(Beginning of DATASET EXCERPTS)

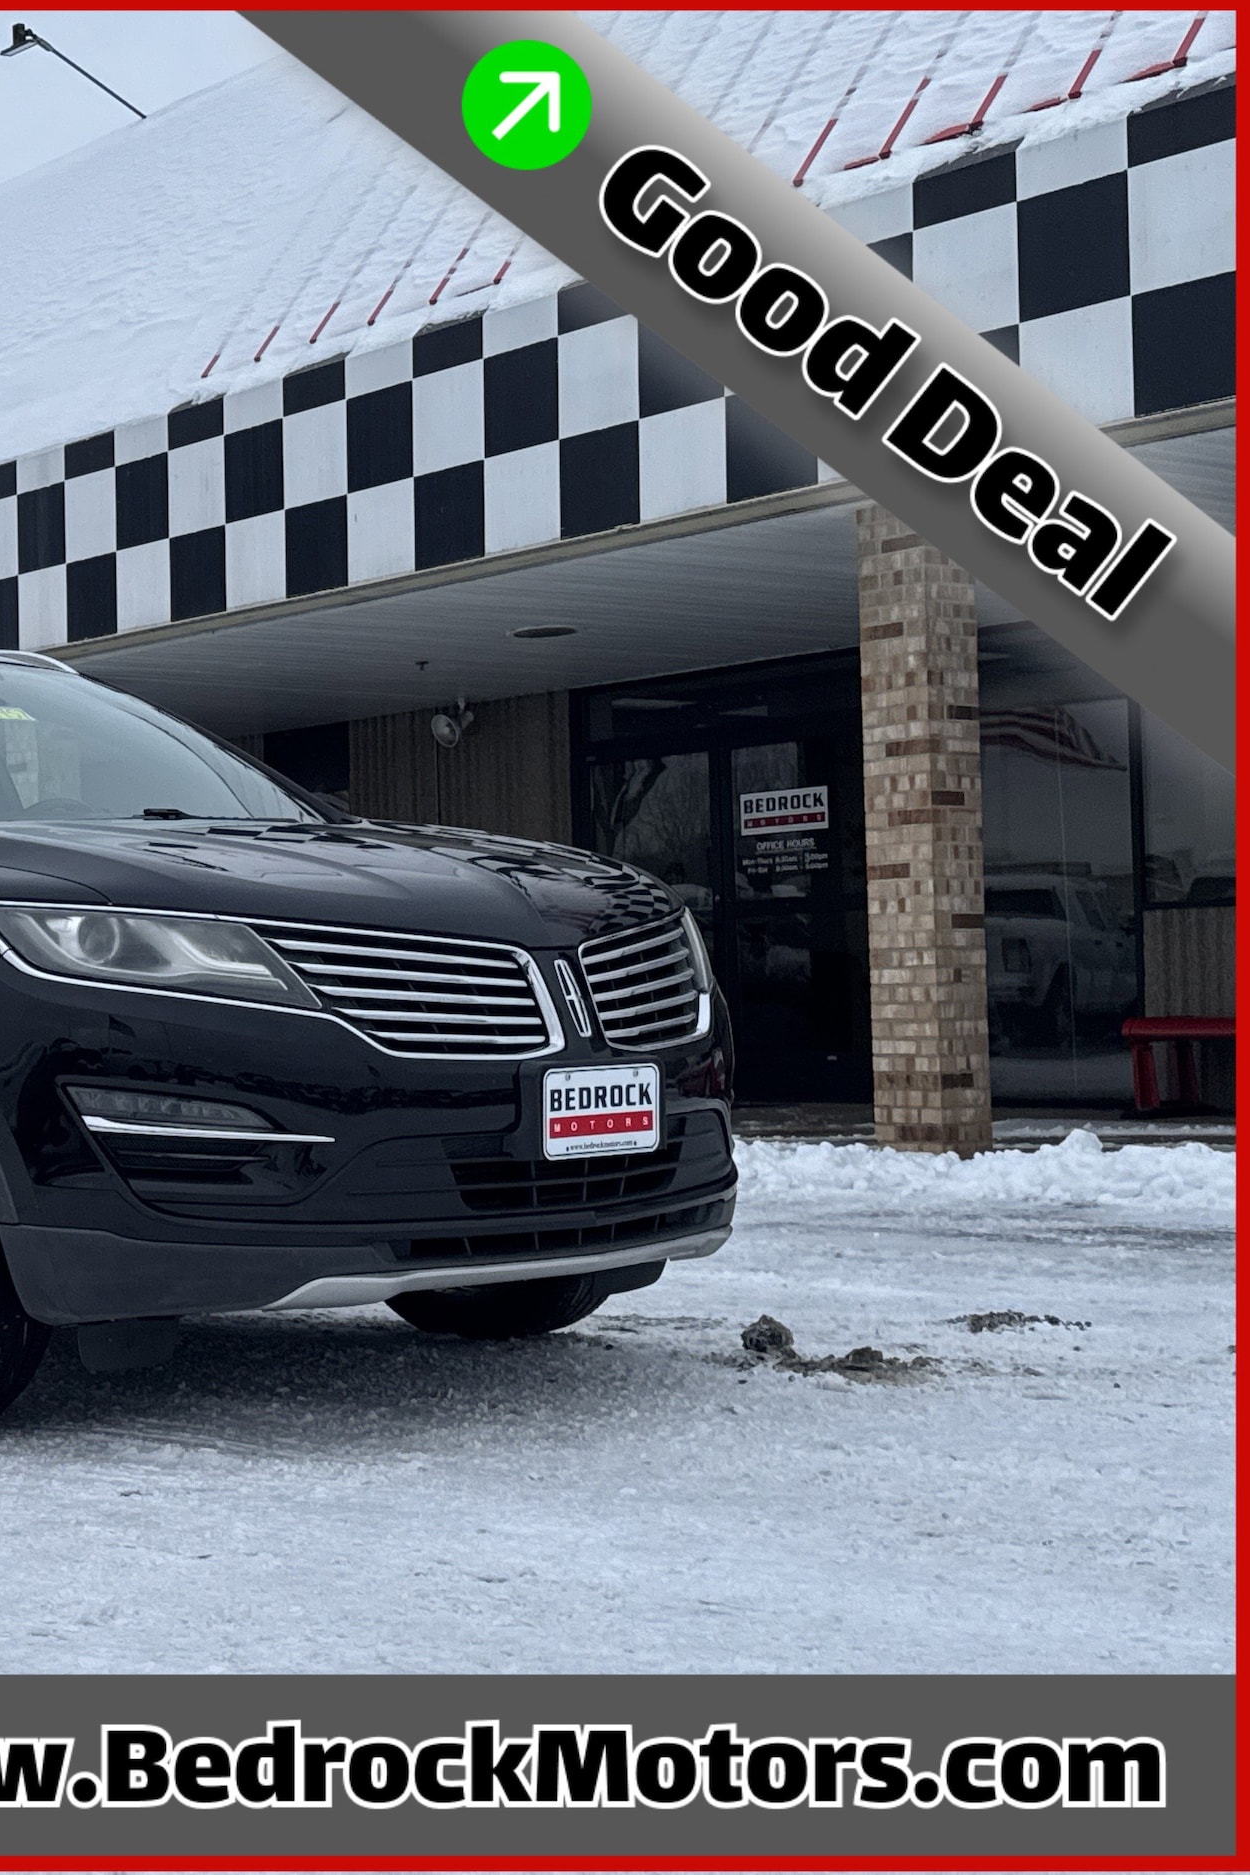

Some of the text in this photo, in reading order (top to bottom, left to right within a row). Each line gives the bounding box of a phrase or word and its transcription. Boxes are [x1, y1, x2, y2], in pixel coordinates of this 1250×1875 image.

[744, 792, 825, 814] BEDROCK
[747, 814, 822, 828] MOTORS
[756, 837, 815, 851] OFFICE HOURS
[550, 1083, 653, 1112] BEDROCK
[554, 1117, 649, 1133] MOTORS
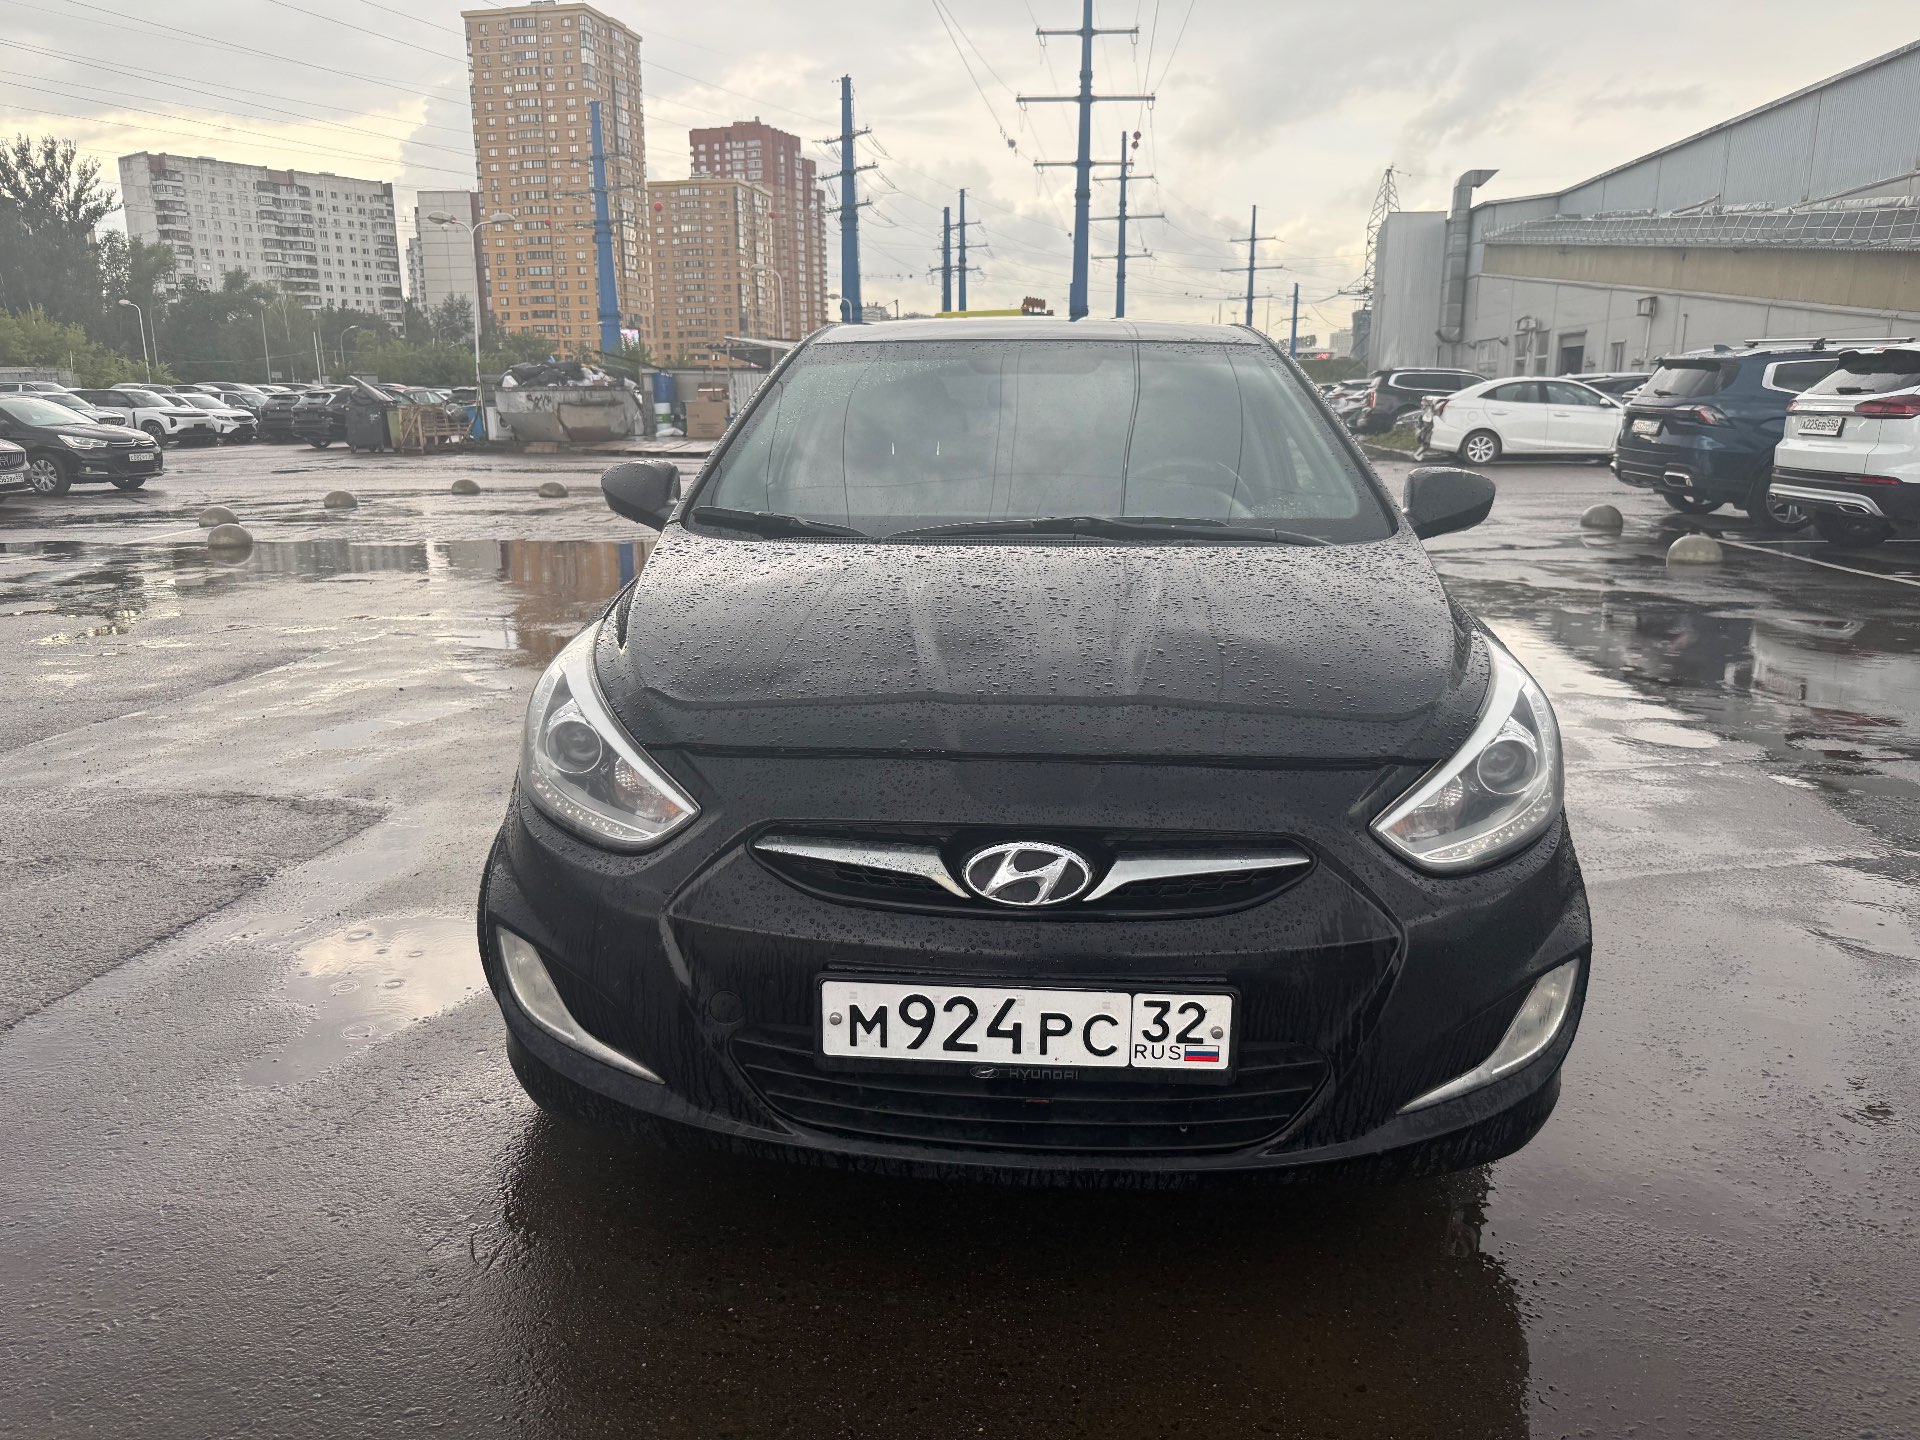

(End of DATASET EXCERPTS)

Please give the records above again exactly as they stand, with no pictures.

=== TASK RESPONSE ===
Some of the text in this photo, in reading order (top to bottom, left to right within a row). Each line gives the bounding box of a phrase or word and its transcription. Boxes are [x1, y1, x2, y2], in pixel coordinates of this 1250×1875 image.

[744, 792, 825, 814] BEDROCK
[747, 814, 822, 828] MOTORS
[756, 837, 815, 851] OFFICE HOURS
[550, 1083, 653, 1112] BEDROCK
[554, 1117, 649, 1133] MOTORS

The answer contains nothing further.